The following transactions apply to Ozark Sales for Year 1:

  1. The business was started when the company received $50,000 from the issue of common stock.
  2. Purchased merchandise inventory of $380,000 on account.
  3. Sold merchandise for $510,000 cash (not including sales tax). Sales tax of 8 percent is collected when the merchandise is sold. The merchandise had a cost of $330,000.
  4. Provided a six-month warranty on the merchandise sold. Based on industry estimates, the warranty claims would amount to 2 percent of sales.
  5. Paid the sales tax to the state agency on $400,000 of the sales.
  6. On September 1, Year 1, borrowed $50,000 from the local bank. The note had a 4 percent interest rate and matured on March 1, Year 2.
  7. Paid $6,200 for warranty repairs during the year.
  8. Paid operating expenses of $78,000 for the year.
  9. Paid $250,000 of accounts payable.
  10. Recorded accrued interest on the note issued in transaction no. 6.

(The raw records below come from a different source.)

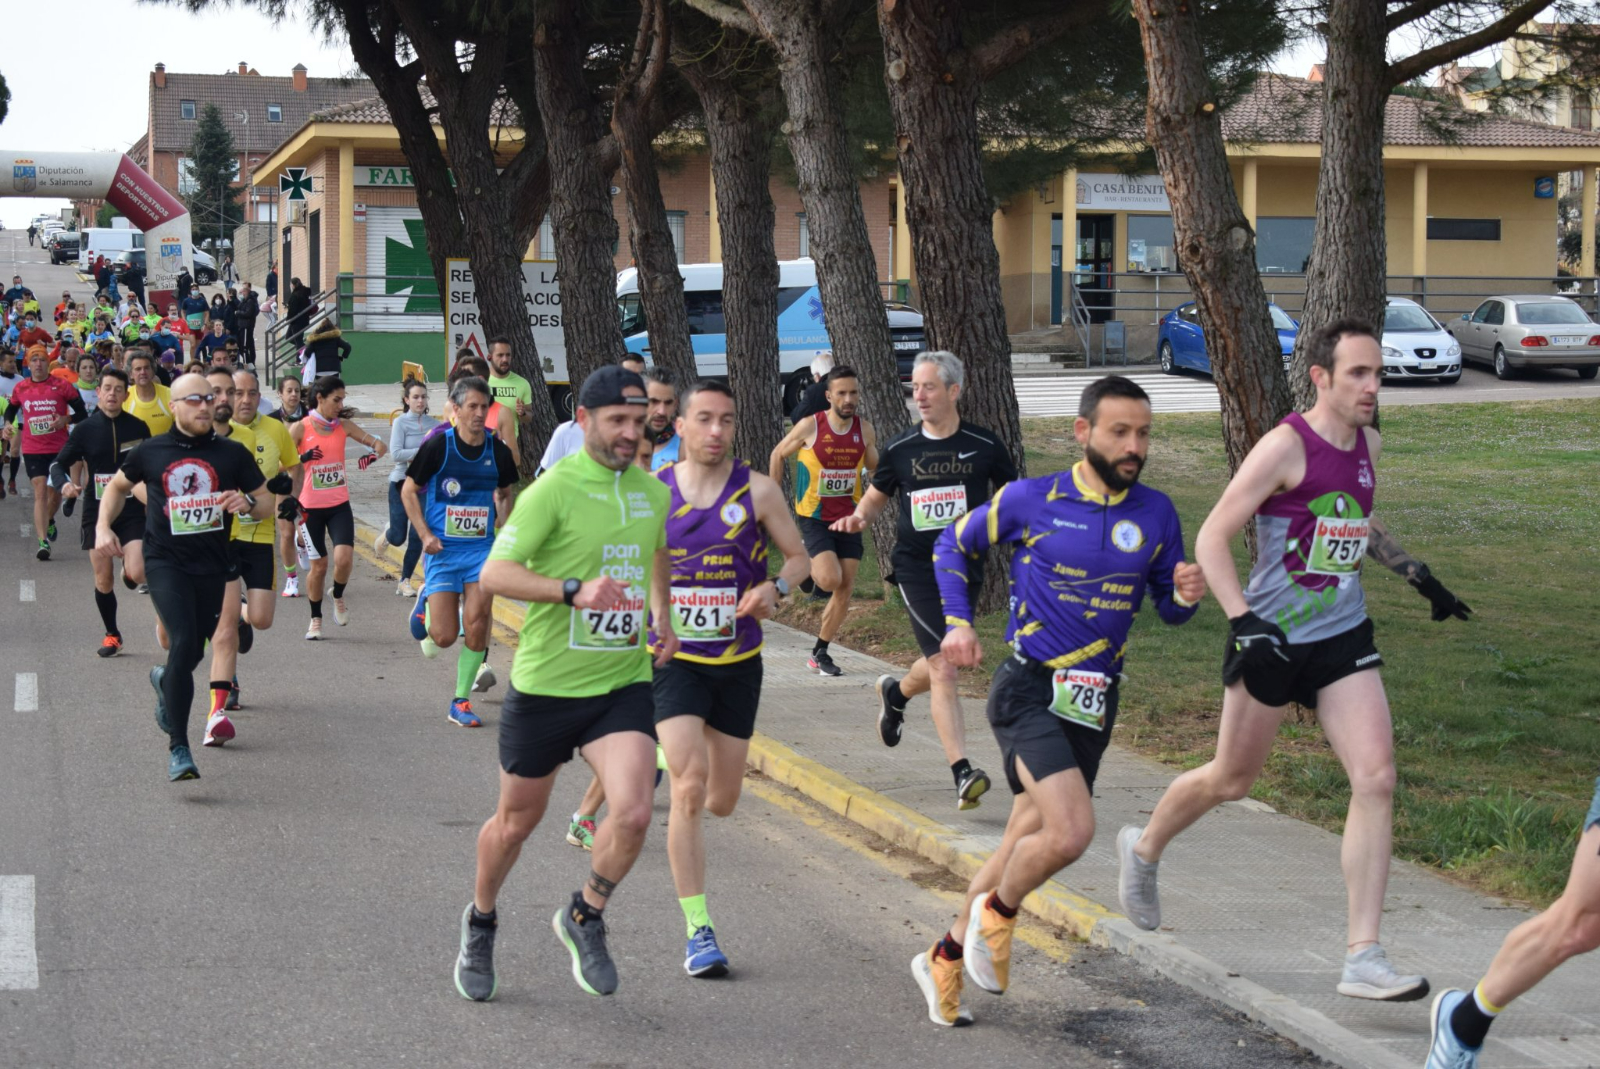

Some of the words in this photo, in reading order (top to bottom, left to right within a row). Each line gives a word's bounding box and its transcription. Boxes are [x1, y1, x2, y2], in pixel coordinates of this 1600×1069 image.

[38, 166, 84, 176] Diputación
[49, 178, 93, 187] Salamanca
[1093, 183, 1126, 194] CASA
[1128, 184, 1165, 195] BENIT
[116, 181, 160, 221] DEPORTISTAS
[120, 172, 136, 188] CON
[134, 185, 169, 217] NUESTROS
[496, 387, 516, 397] RUN
[34, 422, 50, 431] 780
[312, 462, 343, 475] bedunia
[821, 470, 857, 480] bedunia
[910, 456, 974, 477] Kaoba
[319, 471, 340, 484] 769
[826, 479, 849, 491] 801
[913, 489, 965, 506] bedunia
[181, 507, 213, 525] 797
[448, 507, 488, 519] bedunia
[922, 501, 956, 520] 707
[455, 517, 480, 530] 704
[1317, 520, 1369, 539] bedunia
[603, 543, 640, 562] pan
[1326, 538, 1361, 562] 757
[600, 559, 645, 581] cake
[589, 612, 633, 635] 748
[679, 606, 720, 628] 761
[1070, 684, 1106, 713] 789
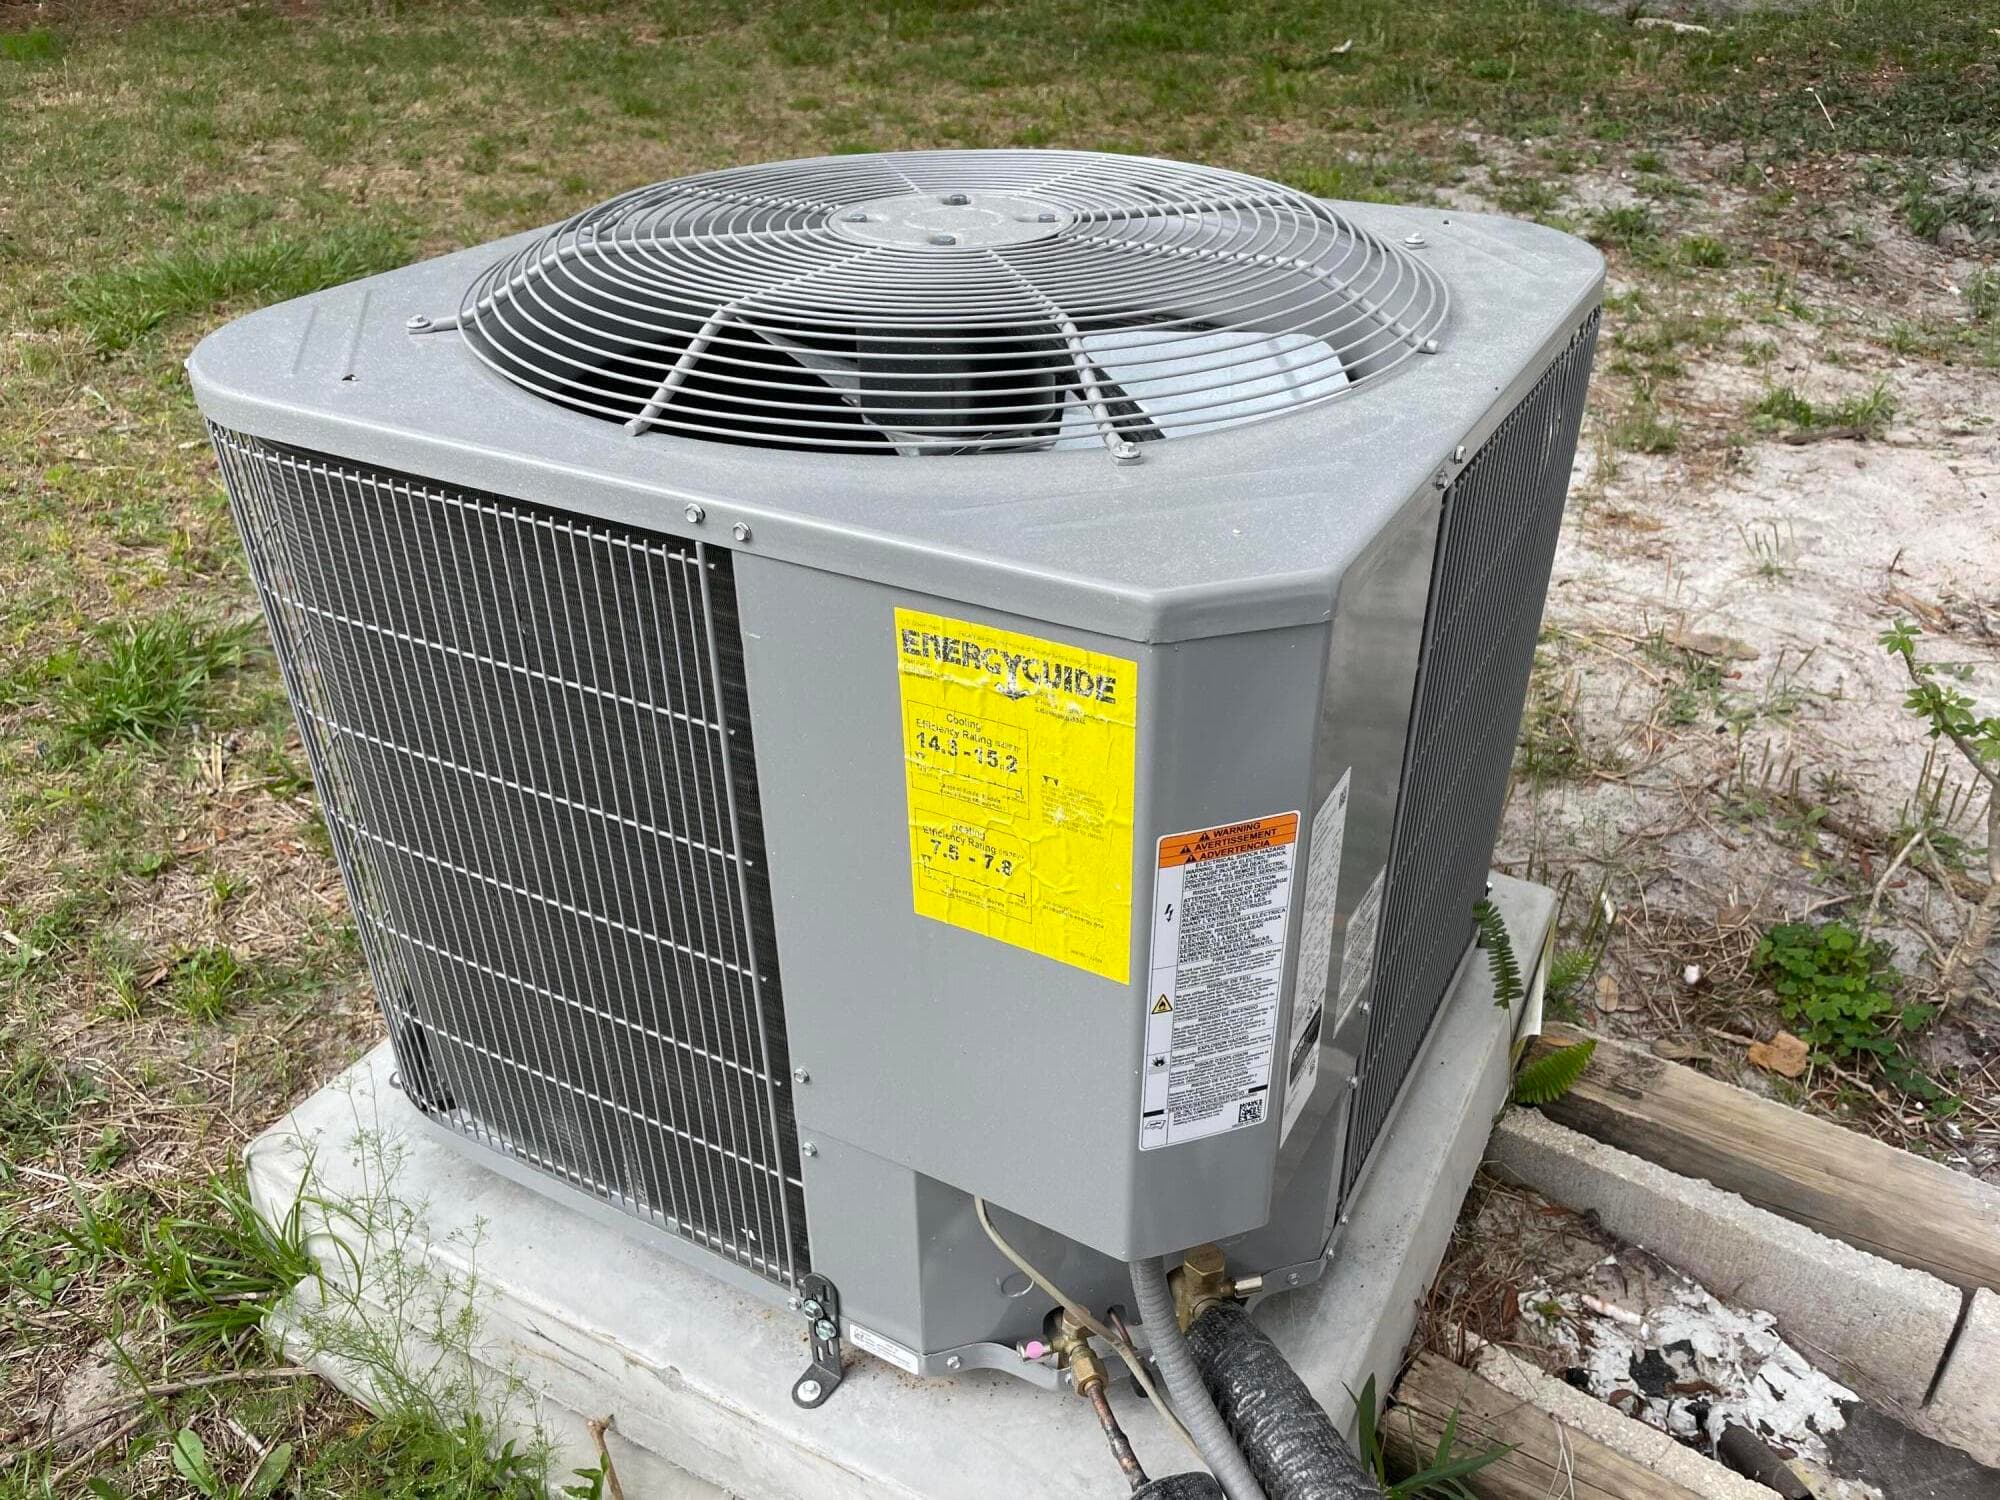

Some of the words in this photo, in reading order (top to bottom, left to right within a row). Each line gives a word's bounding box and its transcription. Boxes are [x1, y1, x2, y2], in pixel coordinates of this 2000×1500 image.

[946, 712, 981, 733] Cooling
[915, 717, 959, 738] Efficiency
[962, 729, 992, 747] Rating
[1213, 822, 1260, 837] WARNING
[922, 823, 965, 846] Efficiency
[967, 837, 996, 855] Rating
[1194, 828, 1277, 851] AVERTISSEMENT
[1195, 855, 1234, 867] ELECTRICAL
[1236, 851, 1256, 859] SHOCK
[1259, 845, 1285, 855] HAZARD
[1199, 839, 1270, 860] ADVERTENCIA
[1238, 854, 1265, 864] ELECTRIC
[1266, 850, 1286, 859] SHOCK
[1184, 874, 1219, 885] DISCONNECT
[1233, 866, 1257, 875] REMOTE
[1198, 869, 1216, 877] CAUSE
[1219, 865, 1238, 873] INJURY
[1184, 881, 1205, 890] POWER
[1206, 875, 1234, 886] SUPPLIES
[1234, 871, 1256, 880] BEFORE
[1192, 886, 1216, 895] RISQUE
[1220, 886, 1243, 895] RISQUE
[1223, 890, 1250, 900] POUVANT
[1196, 898, 1232, 910] BLESSURES
[1180, 924, 1205, 934] RIESGO
[1216, 915, 1250, 927] DESCARGA
[1181, 919, 1200, 928] AVANT
[1248, 915, 1281, 926] DESCARGA
[1178, 955, 1199, 963] ANTES
[1226, 950, 1251, 959] HAZARD

b1. Prepare the journal entries for the preceding transactions.

A. the business was started when the company received $50,000 from the issue of common stock. Record the transaction.

B. Purchased merchandise inventory of $380,000 on account. Record the transaction.

c .Sold merchandise for $510,000 cash (not including sales tax). Sales tax of 8 percent is collected when the merchandise is sold. Record the transaction.

d. the merchandise sold had a cost of $330,000. Record the transaction.

E. Provided a six-month warranty on the merchandise sold. Based on industry estimates, the warranty claims would amount to 2 percent of sales. Record the transaction.

f. Paid the sales tax to the state agency on $400,000 of the sales. Record the transaction.

g. On September 1, Year 1, borrowed $50,000 from the local bank. The note had a 4 percent interest rate and matured on March 1, Year 2. Record the transaction.

h. Paid $6,200 for warranty repairs during the year. Record the transaction.

i. Paid operating expenses of $78,000 for the year. Record the transaction.

J. Paid $250,000 of accounts payable. Record the transaction.

k Recorded accrued interest on the note issued in transaction number 6.

b2. Post the transaction to the appropriate T-accounts.